[Opening Extracted material section]

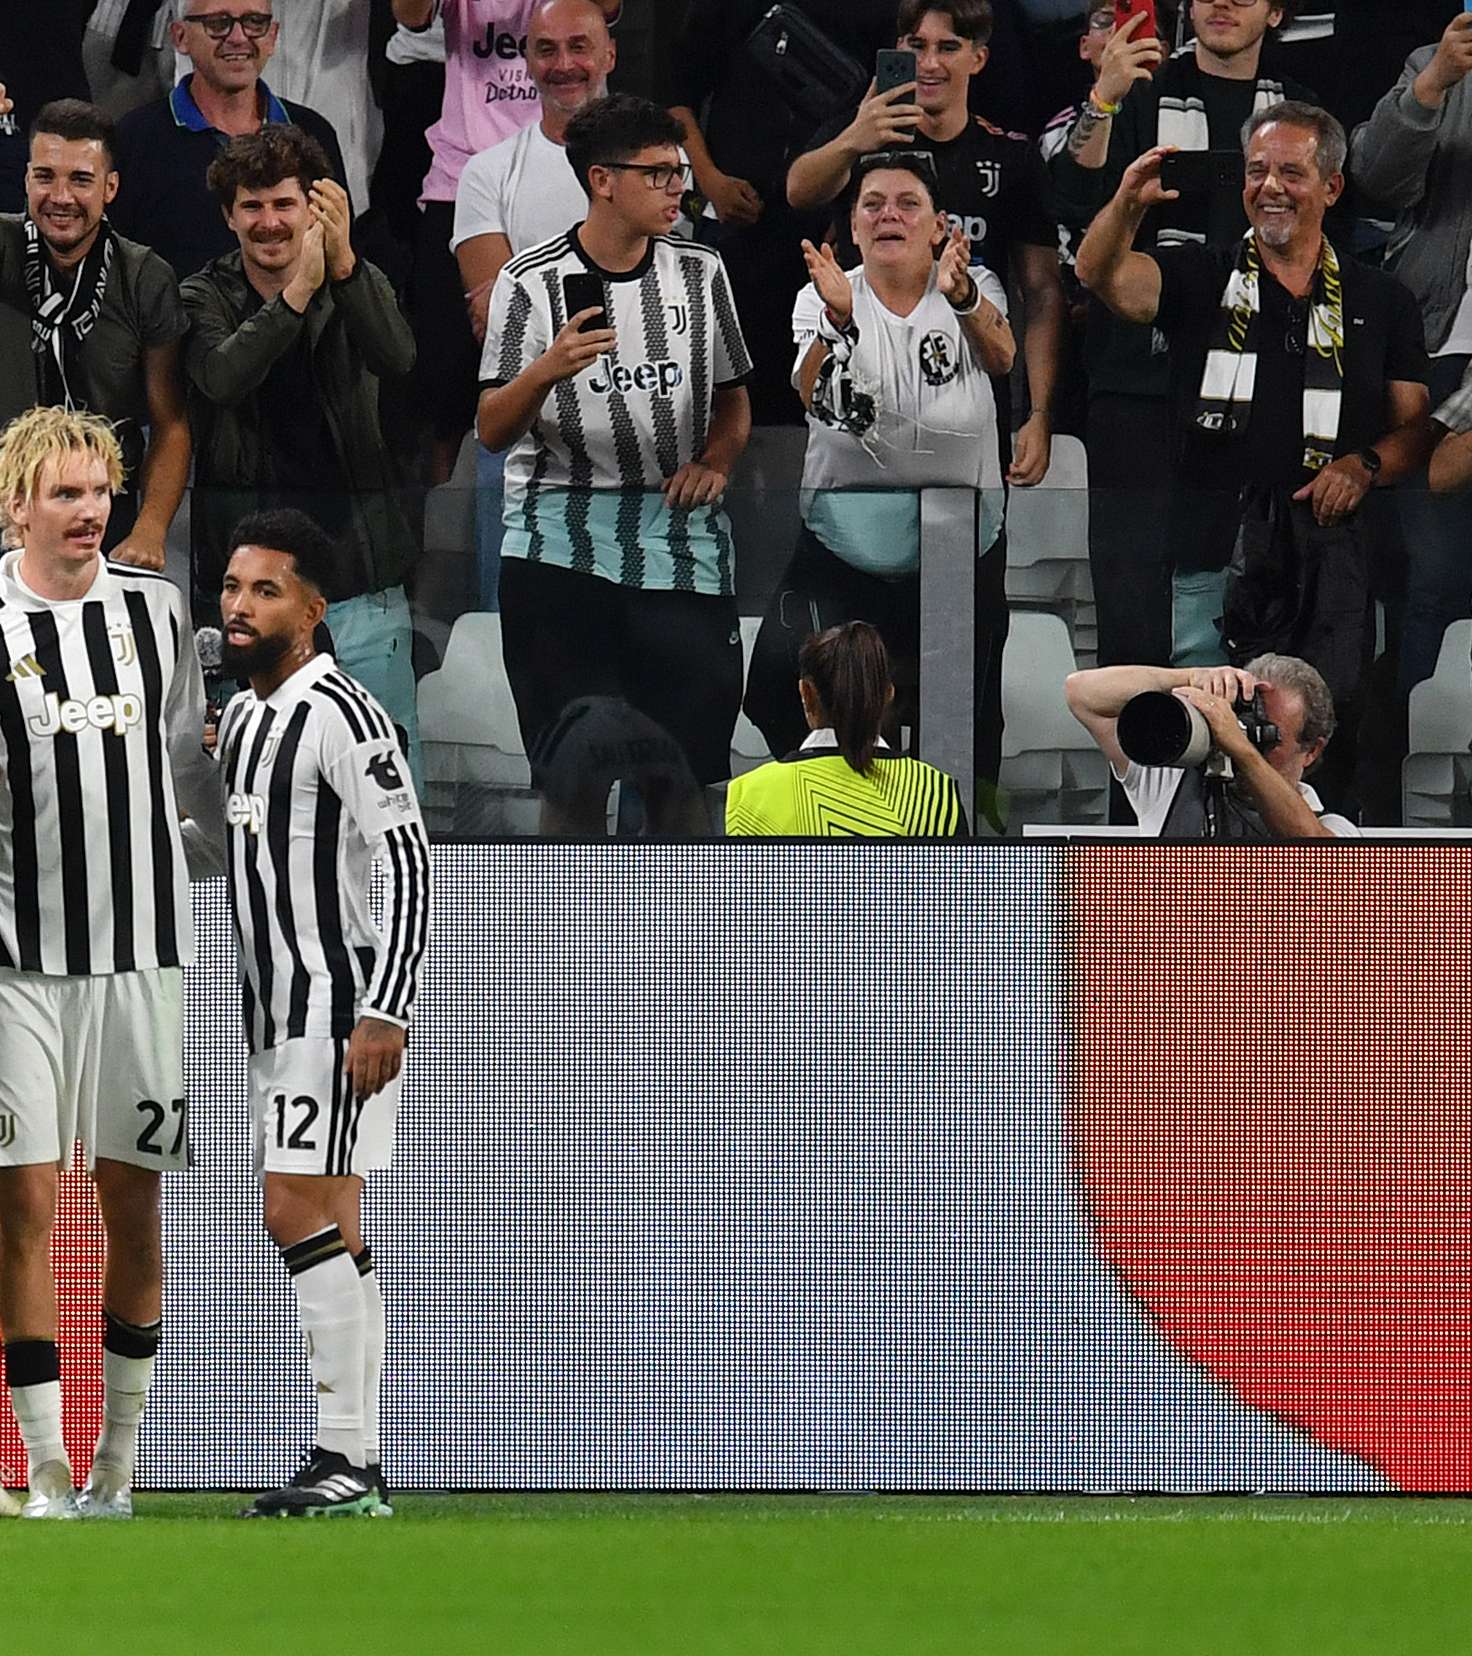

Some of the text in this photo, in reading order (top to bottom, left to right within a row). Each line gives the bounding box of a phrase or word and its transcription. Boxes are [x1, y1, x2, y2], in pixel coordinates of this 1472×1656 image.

[473, 21, 528, 60] Je
[587, 354, 684, 398] Jeep
[28, 691, 142, 737] Jeep
[136, 1098, 187, 1156] 27
[273, 1094, 320, 1151] 12
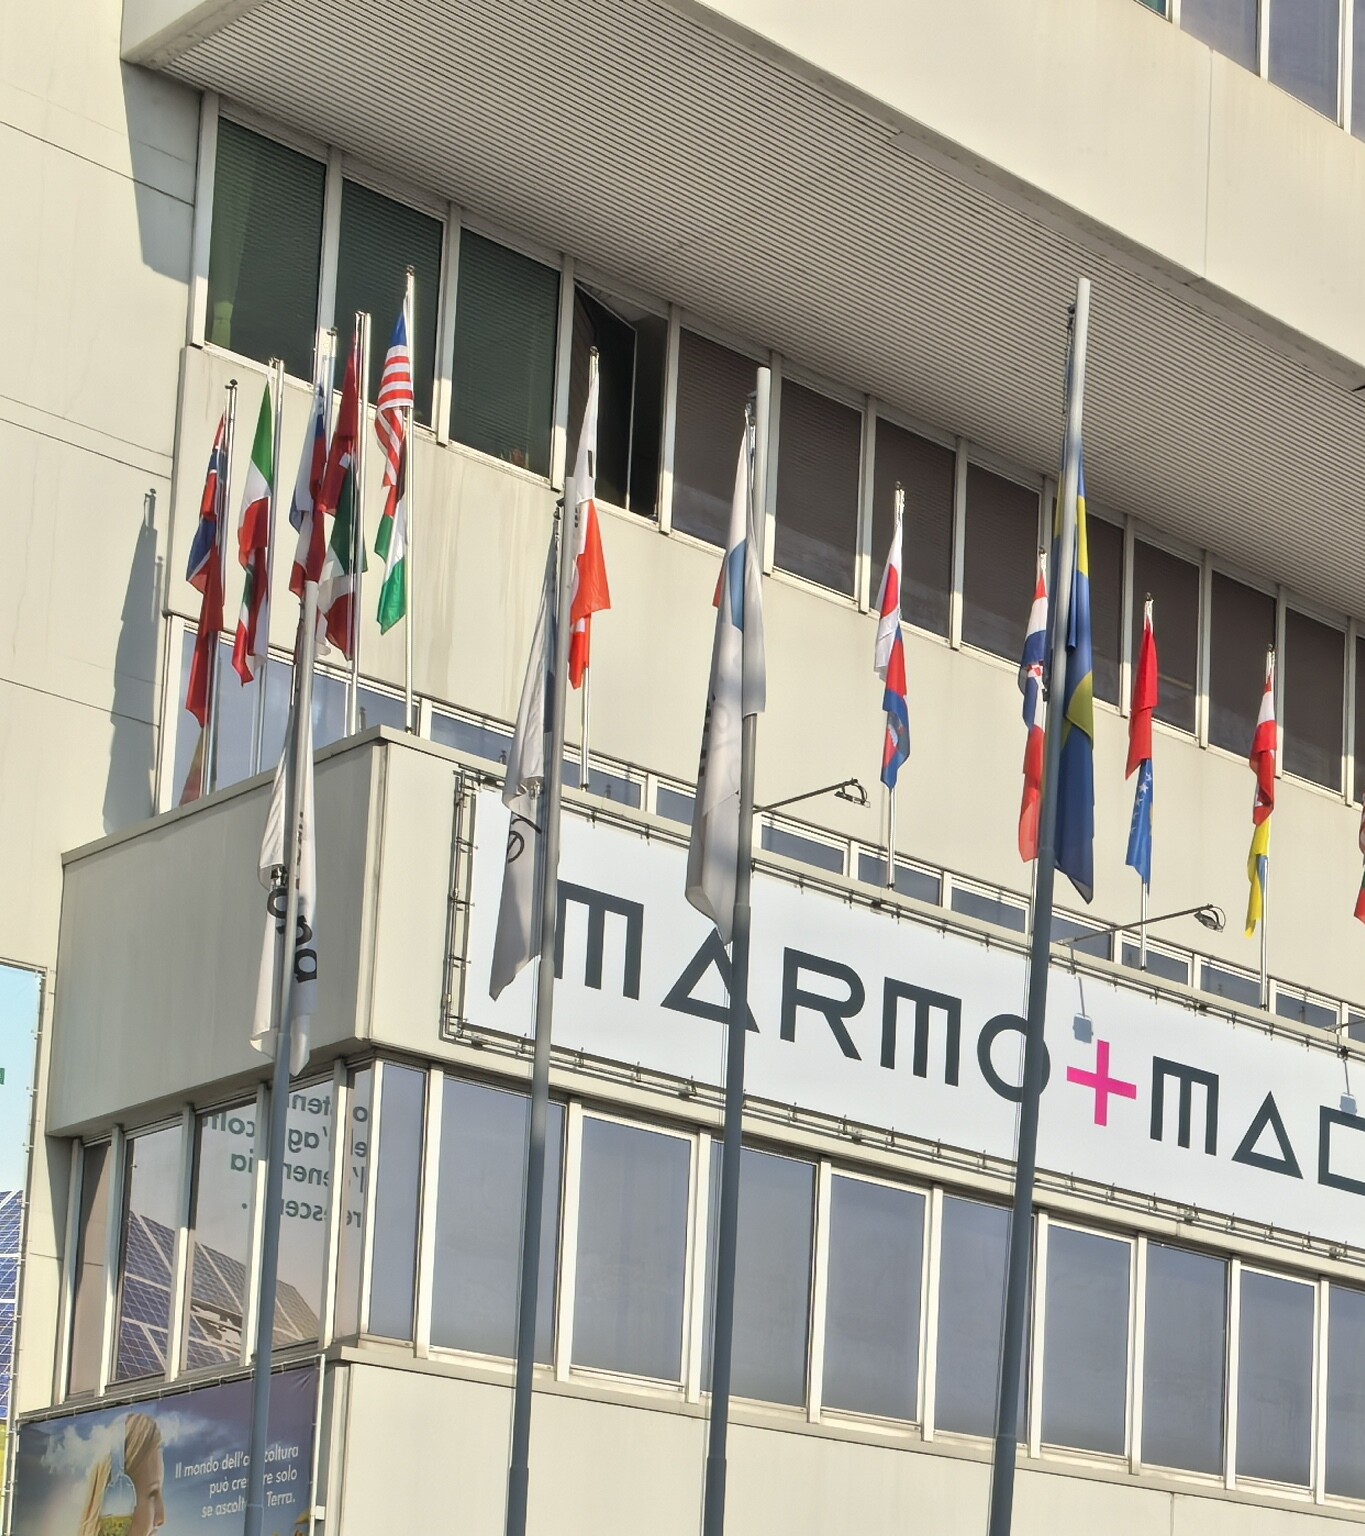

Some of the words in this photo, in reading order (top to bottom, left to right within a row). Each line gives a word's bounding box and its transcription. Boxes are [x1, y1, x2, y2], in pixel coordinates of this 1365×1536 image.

[184, 1456, 219, 1476] mondo
[209, 1476, 229, 1498] può
[276, 1464, 297, 1483] solo
[201, 1504, 213, 1518] se
[215, 1495, 247, 1515] ascolt

[Closing Extracted material section]

Problem statement: Beginning at the line that contains "Some of the words", transcribe every line through the end of the material exactly, leaving out all earlier lines.

Solved problem:
Some of the words in this photo, in reading order (top to bottom, left to right within a row). Each line gives a word's bounding box and its transcription. Boxes are [x1, y1, x2, y2], in pixel coordinates of this 1365×1536 image.

[184, 1456, 219, 1476] mondo
[209, 1476, 229, 1498] può
[276, 1464, 297, 1483] solo
[201, 1504, 213, 1518] se
[215, 1495, 247, 1515] ascolt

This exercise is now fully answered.